If such be the case, then the school and its
auxiliaries should feel it a duty to generate public sentiment. If
cigarettes are harmful, then they should be banished, and the task is
not an impossible one by any means. As to the injurious effects of
cigarettes, as distinguished an authority as Thomas A. Edison says the
following:
"The injurious agent in cigarettes comes principally from the
burning paper wrapper. The substance thereby formed is called
'acrolein.' It has a violent action on the nerve centers,
producing degeneration of the cells of the brain, which is quite
rapid among boys. Unlike most narcotics, this degeneration is
permanent and uncontrollable. I employ no person who smokes
cigarettes."
We have eliminated dangerous explosives from our Fourth of July
celebrations, and the ban can as easily be placed upon any other
dangerous product.
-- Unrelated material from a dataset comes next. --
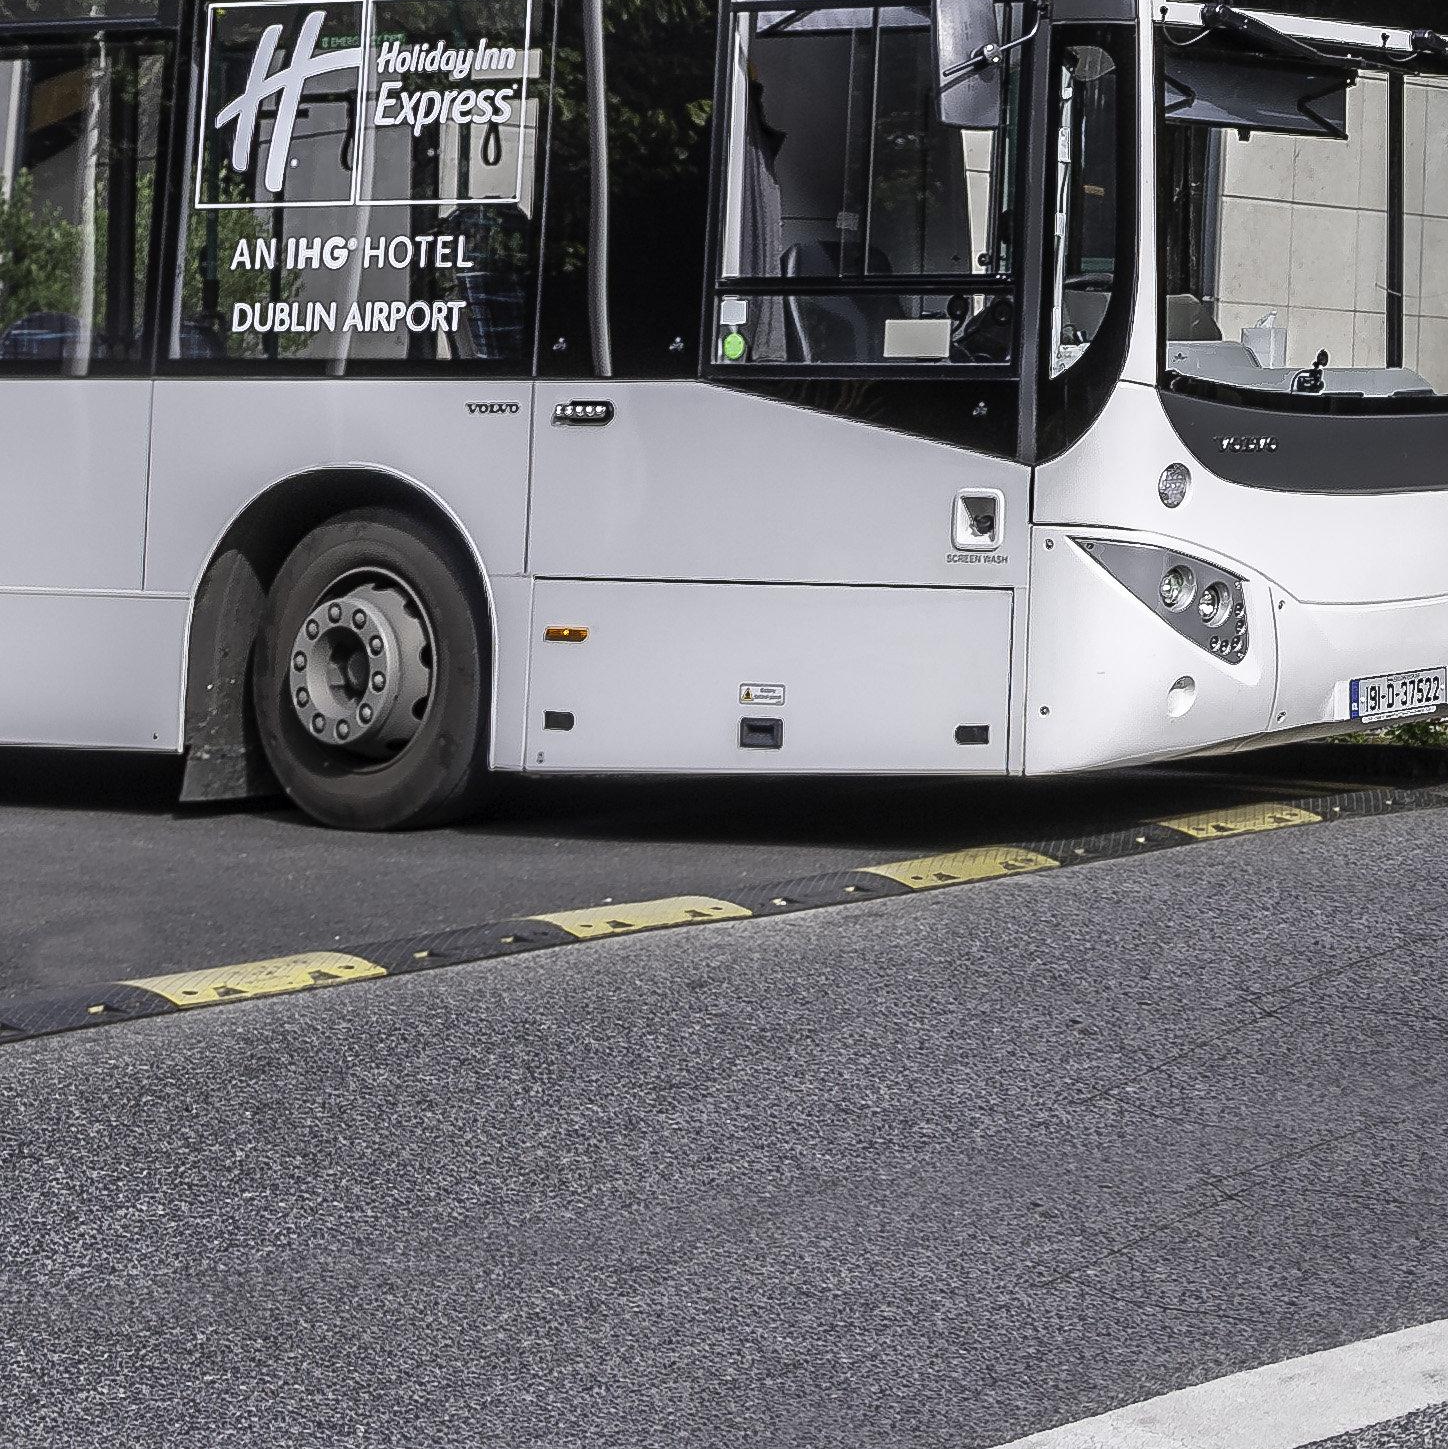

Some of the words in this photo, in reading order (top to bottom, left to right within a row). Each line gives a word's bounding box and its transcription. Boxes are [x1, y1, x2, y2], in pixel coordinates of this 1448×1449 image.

Just here we inevitably meet the cry of paternalism,
but we shall always be confronted by the question to what extent the
government should stand aside and see its citizens follow the bent of
their appetites and passions over the brink of destruction. It is the
inherent right of government to maintain its own integrity, and this it
can do only through the conservation of the powers of its citizens. If
paternalism is necessary to this end, then paternalism is a governmental
virtue. Better, by far, some paternalism than a race of weaklings.